## Dataset entries
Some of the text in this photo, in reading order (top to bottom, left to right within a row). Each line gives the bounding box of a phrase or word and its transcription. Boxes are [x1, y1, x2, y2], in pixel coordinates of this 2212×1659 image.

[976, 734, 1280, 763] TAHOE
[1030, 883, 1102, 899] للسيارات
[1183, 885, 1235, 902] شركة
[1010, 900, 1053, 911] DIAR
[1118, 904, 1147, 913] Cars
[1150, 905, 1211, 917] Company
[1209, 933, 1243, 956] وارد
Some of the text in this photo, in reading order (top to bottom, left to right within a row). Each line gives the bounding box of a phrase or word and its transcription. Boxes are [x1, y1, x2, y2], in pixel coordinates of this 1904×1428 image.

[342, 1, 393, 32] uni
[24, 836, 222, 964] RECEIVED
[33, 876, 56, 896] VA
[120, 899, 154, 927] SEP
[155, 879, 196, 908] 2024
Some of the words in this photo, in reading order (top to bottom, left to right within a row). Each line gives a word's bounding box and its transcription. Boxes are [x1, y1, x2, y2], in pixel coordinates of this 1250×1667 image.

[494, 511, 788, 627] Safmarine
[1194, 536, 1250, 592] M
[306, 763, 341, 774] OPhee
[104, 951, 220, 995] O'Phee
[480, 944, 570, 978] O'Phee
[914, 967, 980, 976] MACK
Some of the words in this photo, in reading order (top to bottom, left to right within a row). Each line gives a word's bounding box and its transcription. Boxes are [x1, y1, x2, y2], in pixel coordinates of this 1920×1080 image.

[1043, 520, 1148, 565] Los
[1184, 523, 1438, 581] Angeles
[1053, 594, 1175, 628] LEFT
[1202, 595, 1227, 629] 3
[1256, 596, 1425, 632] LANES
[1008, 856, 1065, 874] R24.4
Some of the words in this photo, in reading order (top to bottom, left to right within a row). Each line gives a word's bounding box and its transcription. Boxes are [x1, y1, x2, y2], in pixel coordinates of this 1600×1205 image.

## Required work
All lines of the data are to be repeated exactly as they stand.

## Answer to this task
Some of the text in this photo, in reading order (top to bottom, left to right within a row). Each line gives the bounding box of a phrase or word and its transcription. Boxes are [x1, y1, x2, y2], in pixel coordinates of this 2212×1659 image.

[976, 734, 1280, 763] TAHOE
[1030, 883, 1102, 899] للسيارات
[1183, 885, 1235, 902] شركة
[1010, 900, 1053, 911] DIAR
[1118, 904, 1147, 913] Cars
[1150, 905, 1211, 917] Company
[1209, 933, 1243, 956] وارد
Some of the text in this photo, in reading order (top to bottom, left to right within a row). Each line gives the bounding box of a phrase or word and its transcription. Boxes are [x1, y1, x2, y2], in pixel coordinates of this 1904×1428 image.

[342, 1, 393, 32] uni
[24, 836, 222, 964] RECEIVED
[33, 876, 56, 896] VA
[120, 899, 154, 927] SEP
[155, 879, 196, 908] 2024
Some of the words in this photo, in reading order (top to bottom, left to right within a row). Each line gives a word's bounding box and its transcription. Boxes are [x1, y1, x2, y2], in pixel coordinates of this 1250×1667 image.

[494, 511, 788, 627] Safmarine
[1194, 536, 1250, 592] M
[306, 763, 341, 774] OPhee
[104, 951, 220, 995] O'Phee
[480, 944, 570, 978] O'Phee
[914, 967, 980, 976] MACK
Some of the words in this photo, in reading order (top to bottom, left to right within a row). Each line gives a word's bounding box and its transcription. Boxes are [x1, y1, x2, y2], in pixel coordinates of this 1920×1080 image.

[1043, 520, 1148, 565] Los
[1184, 523, 1438, 581] Angeles
[1053, 594, 1175, 628] LEFT
[1202, 595, 1227, 629] 3
[1256, 596, 1425, 632] LANES
[1008, 856, 1065, 874] R24.4
Some of the words in this photo, in reading order (top to bottom, left to right within a row). Each line gives a word's bounding box and its transcription. Boxes are [x1, y1, x2, y2], in pixel coordinates of this 1600×1205 image.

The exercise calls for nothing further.